How much of a fire risk are electric vehicles?


Then the professor gives his audience of firefighters their first shock. Full, a cell contains 4.2V of charge, but even when empty, it still holds 2.5V. A Nissan Leaf has from around 192 cells in 24 modules and a Tesla Model S more than 7000 in 16 modules. That’s a lot of energy when the car’s power indicator says it has none.

Full or ‘empty’, the risk of this energy escaping in an uncontrolled fashion is what some scientists believe leads to ‘thermal runaway’, when heat and gases fuel even higher temperatures and still more gases, including hydrogen and oxygen, in a self-fulfilling loop until the cells begin to burn and burst. A toxic vapour cloud develops, bringing with it the risk of deflagration. Once thermal runaway has started, no battery management system or circuit breaker can stop it.

“A battery fire can be controlled but it cannot be extinguished,” says Christensen.

He has demonstrated in tests how perforating or otherwise damaging a battery pack, as in a crash, can cause it to catch fire. “If an EV’s battery case is dented, you have to assume it’s dangerous,” he says.

Battery packs have been known to catch fire through overheating and while being charged.

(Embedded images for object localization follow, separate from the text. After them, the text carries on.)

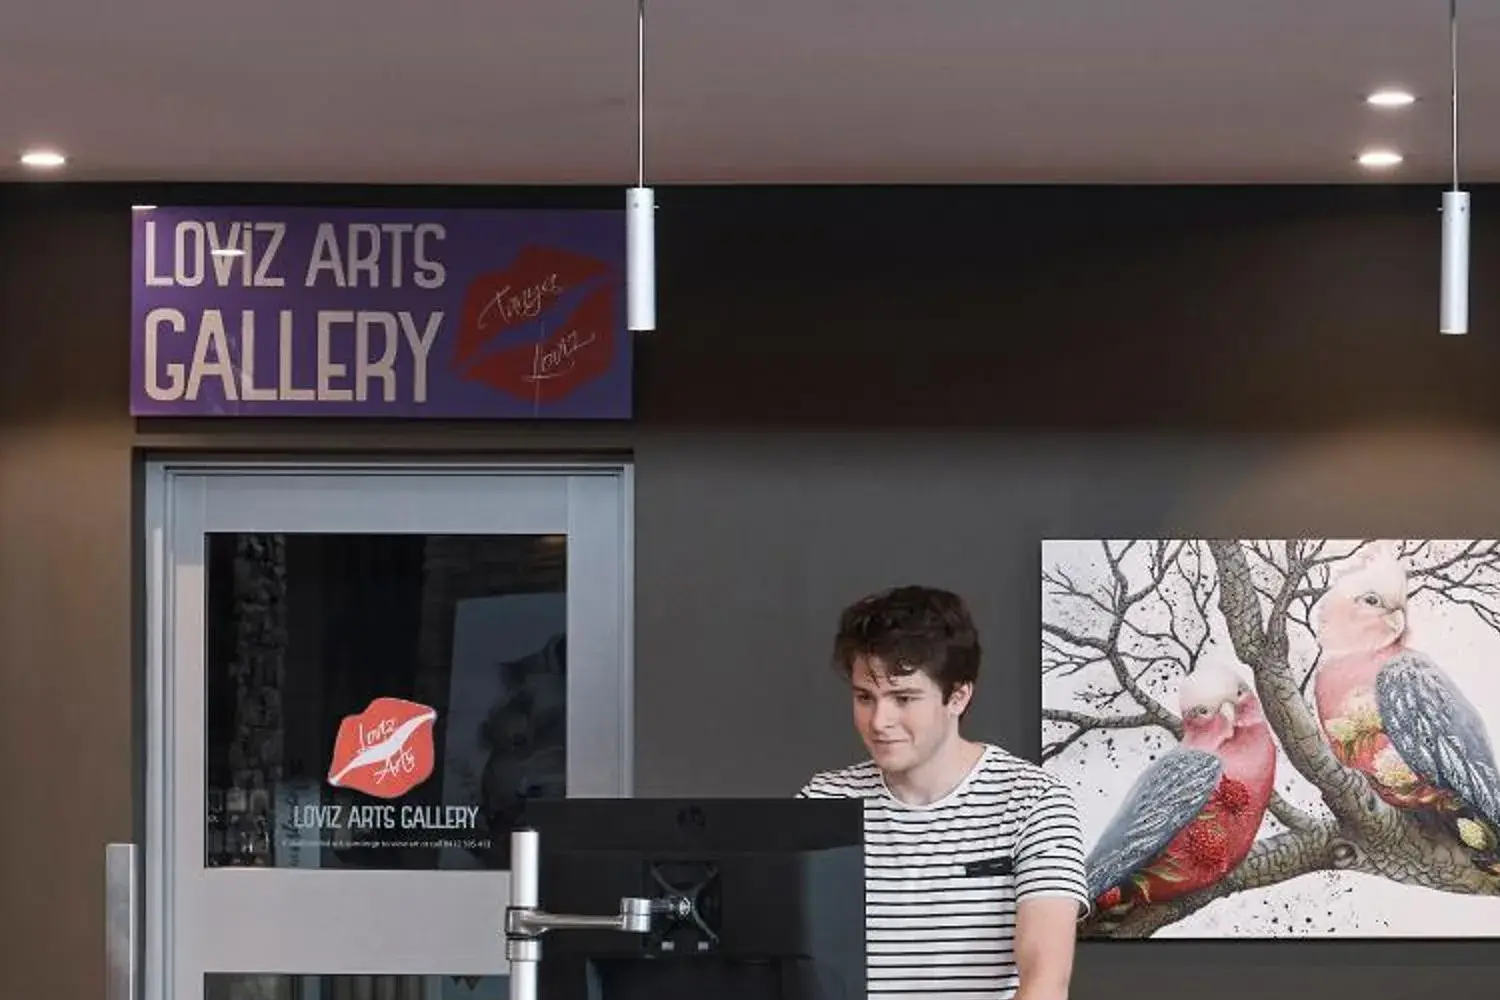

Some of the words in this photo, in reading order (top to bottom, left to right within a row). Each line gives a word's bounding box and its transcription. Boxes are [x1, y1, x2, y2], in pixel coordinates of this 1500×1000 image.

[305, 222, 447, 289] ARTS
[145, 309, 444, 403] GALLERY
[346, 804, 396, 829] ARTS
[400, 804, 480, 829] GALLERY
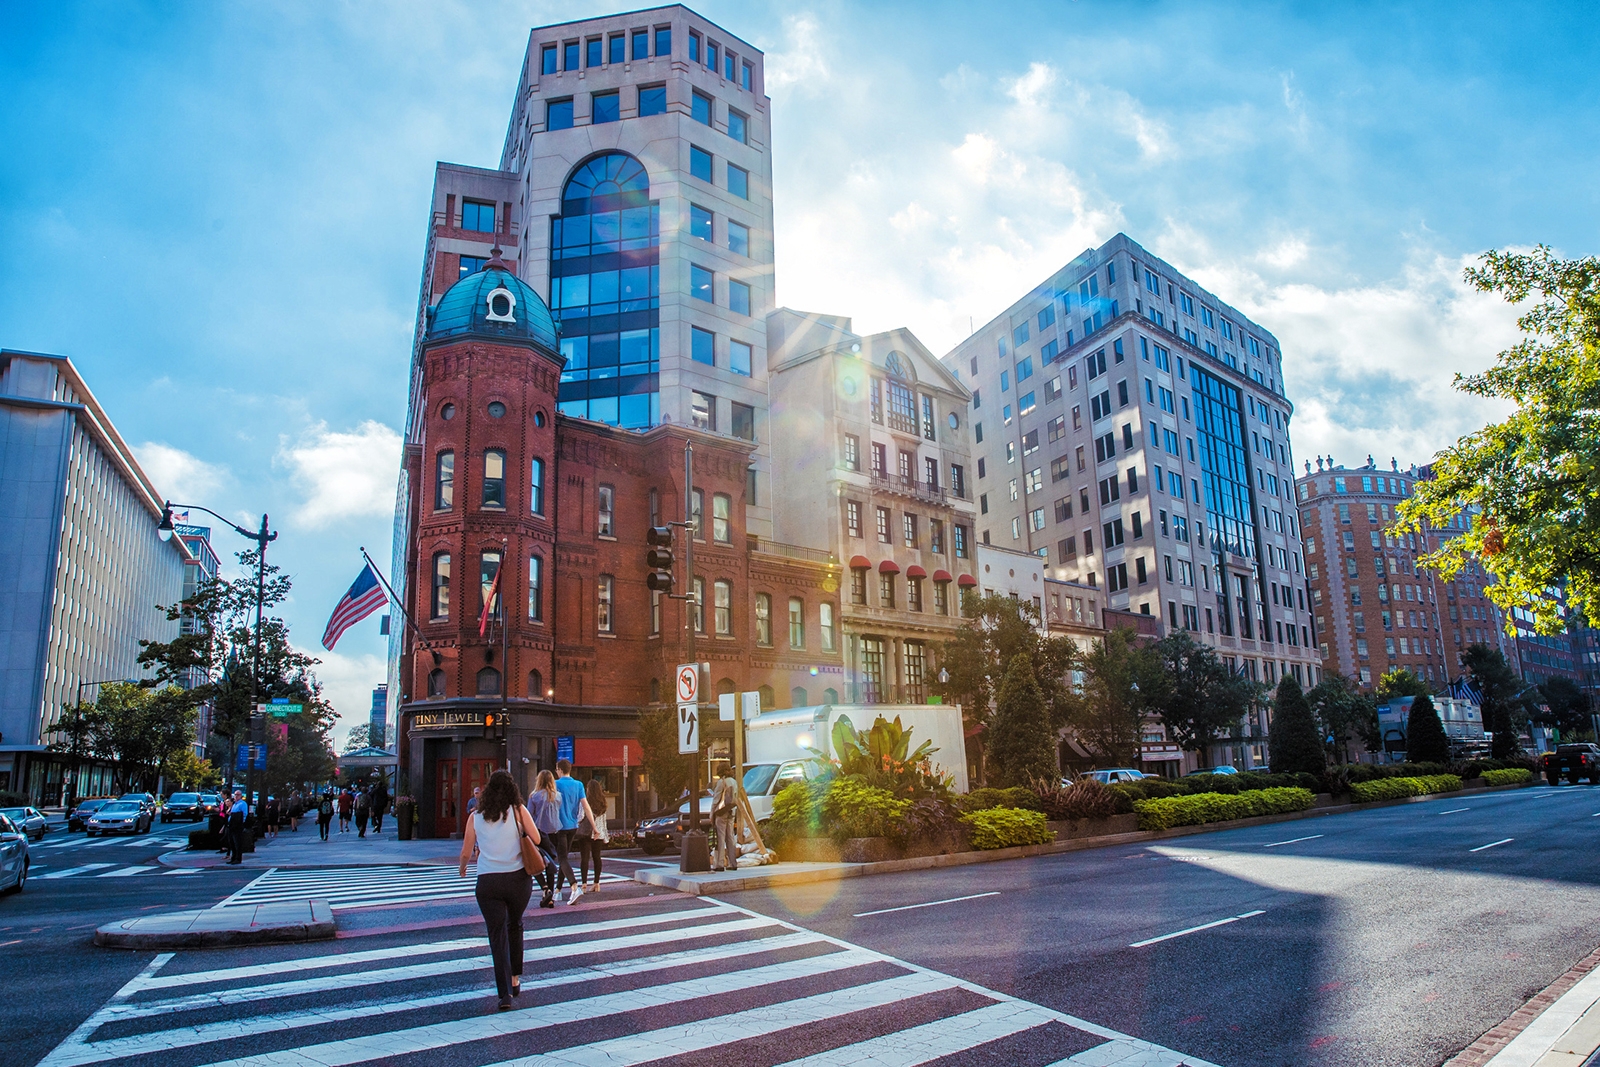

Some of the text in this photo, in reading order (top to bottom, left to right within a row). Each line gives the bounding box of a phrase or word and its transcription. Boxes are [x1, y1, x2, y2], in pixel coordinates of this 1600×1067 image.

[266, 704, 297, 712] CONNECTICUT
[415, 714, 438, 725] TINY
[444, 712, 481, 729] JEWEL

More worrying, a battery fire can erupt spontaneously, contamination of even just a single cell during its manufacture being one possible explanation.

“Even the most experienced and careful manufacturers have defective electric cells passing through their very careful quality control systems,” says Christensen. 

A battery flame is like a blowtorch that will quickly ignite anything in its path, which is why Christensen wants councils and other organisations to consider EV safety risks in underground car parks, as well as bus depots where vehicles are parked side by side.

“In Germany, three bus depots have gone up in flames in the past six or so months,” he says. “Tunnels, ferries, car parks, cargo ships transporting EVs – all the places you find electric vehicles should be considered a safety risk and the appropriate steps taken.”